We are raising our Price Target for Aeon Credit (AC) from RM14.25 (based on 9x P/E on CY18E EPS) to RM15.30 (based on 13x P/E on CY18E EPS). The upgrade in our PT on AC is due to the positive results of the ‘value chain transformation project’, which, in our view, may potentially re-rate its share price. Nonetheless, there are revisions of 11.4-13.8% to our FY18-20E EPS due to additional shares from the conversion of ICULS. Maintain BUY, noting that AC is a high-growth, high-return financial stock, with an ROE in the high teens. Despite news of AC being slapped with a RM96.8m additional tax bill, management is of the view that the company has strong legal grounds to defend its position, and hence no provision is expected.
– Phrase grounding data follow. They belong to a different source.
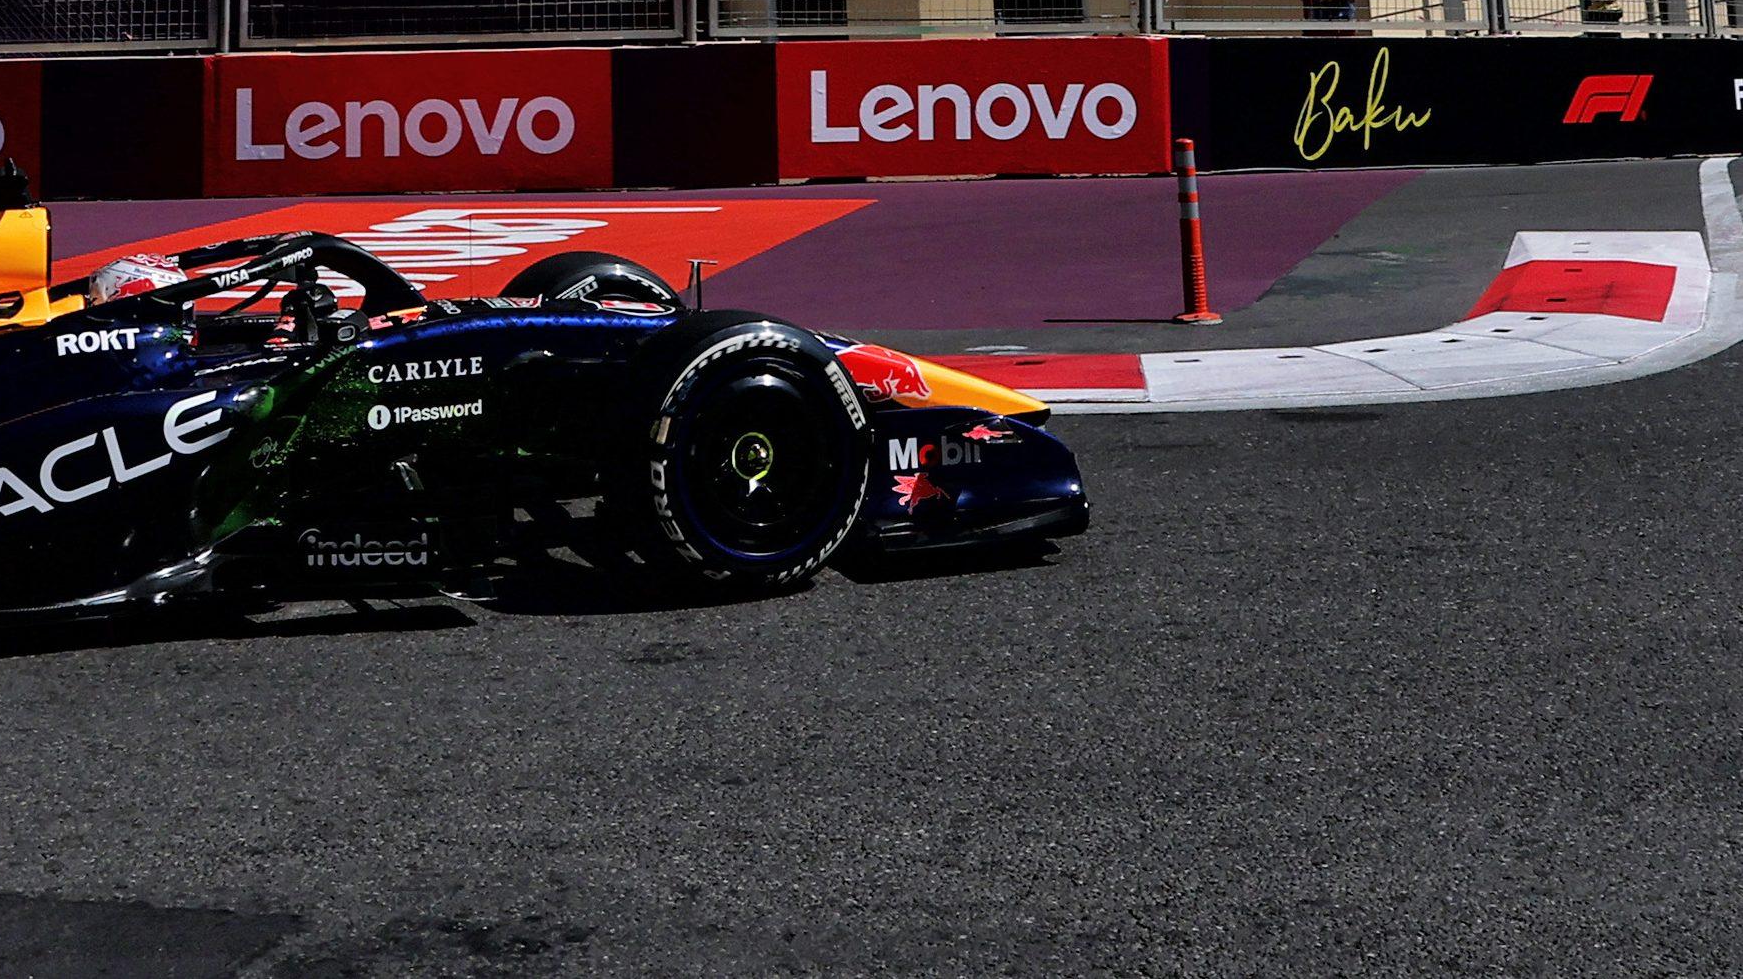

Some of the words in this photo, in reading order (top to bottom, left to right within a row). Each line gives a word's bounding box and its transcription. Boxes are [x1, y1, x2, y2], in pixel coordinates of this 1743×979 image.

[810, 70, 1137, 145] Lenovo
[1294, 46, 1432, 161] Baku
[235, 87, 575, 162] Lenovo
[212, 269, 250, 288] VISA
[57, 328, 140, 356] ROKT
[368, 356, 484, 383] CARLYLE
[393, 399, 483, 425] 1Password
[824, 360, 866, 430] PIRELLI
[303, 530, 428, 566] indeed
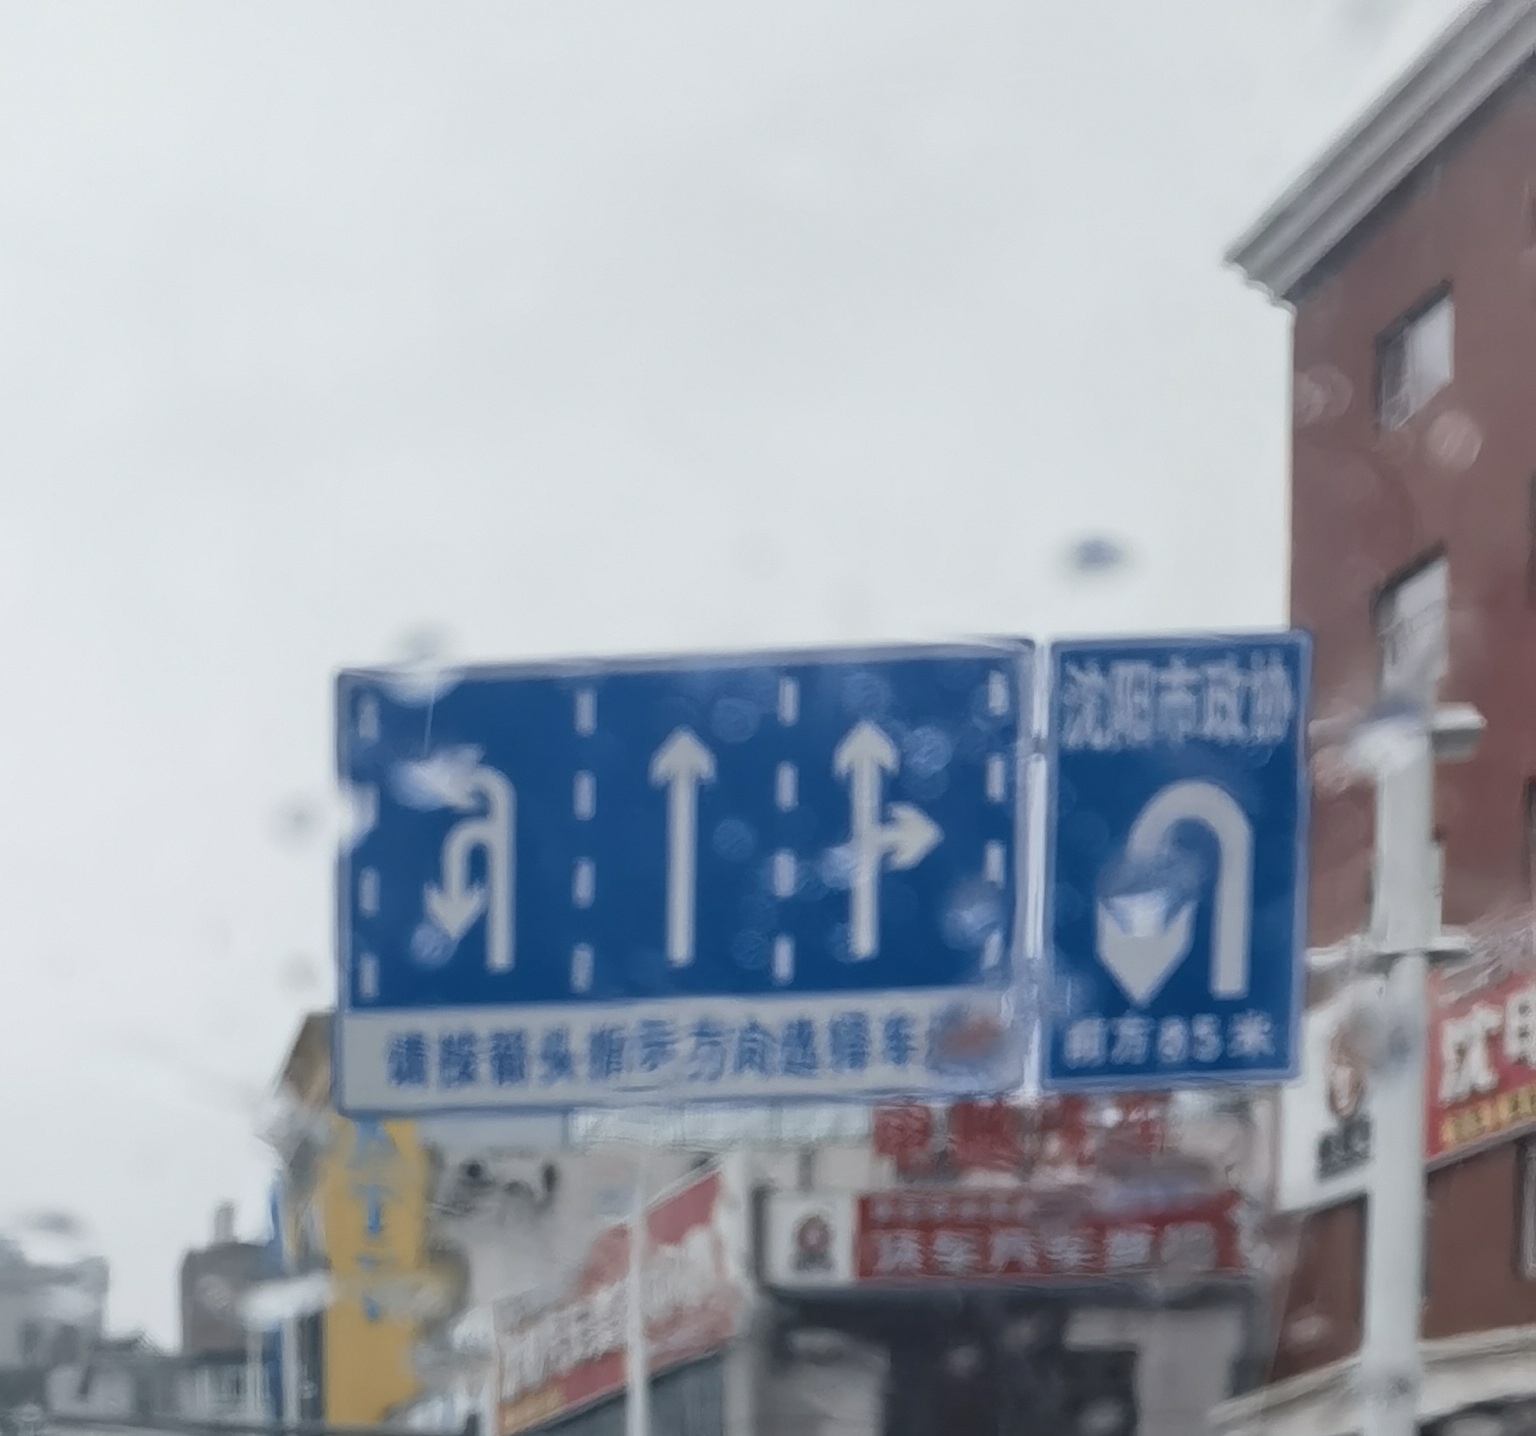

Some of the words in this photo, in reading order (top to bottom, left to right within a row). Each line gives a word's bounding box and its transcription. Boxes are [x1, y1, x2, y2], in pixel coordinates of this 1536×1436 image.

AC embarked on the Value Chain Transformation project in FY17, which included an e-biz portal for web application submission for credit cards and easy payment schemes. It has also completed its cashless and paperless operations at 64 branches nationwide and stepped up digital applications, resulting in significantly improved staff productivity and turnaround time.
1) AC’s recent initiatives to enhance the customer experience includes the promotion of the use of e-wallet and e-money cards, mobile wallet and the introduction of the Platinum credit card;
2) We believe that AC will be a key beneficiary of Budget 2018’s 2% income tax reduction (for individuals earning RM20-70k pa) as its ‘Aeon Credit’ brand is a household name in the provision of easy-payment schemes, motorcycle financing, and used-car financing, which may see greater demand in 2018 arising from higher disposable income;
3) Acquisition of new merchants remains an on-going process. Its recent tie-up with Lazada has enhanced the appeal of AC with millennials.
We note that AC’s share price may potentially re-rate due to the ongoing digital transformation and marketing initiatives, hence we raise our PT from RM14.25 (based on 9x P/E on CY18E EPS) to RM15.30 (based on a higher P/E target of 13x on CY18E EPS). Maintain BUY. Downside risks: rise in defaults; subdued growth.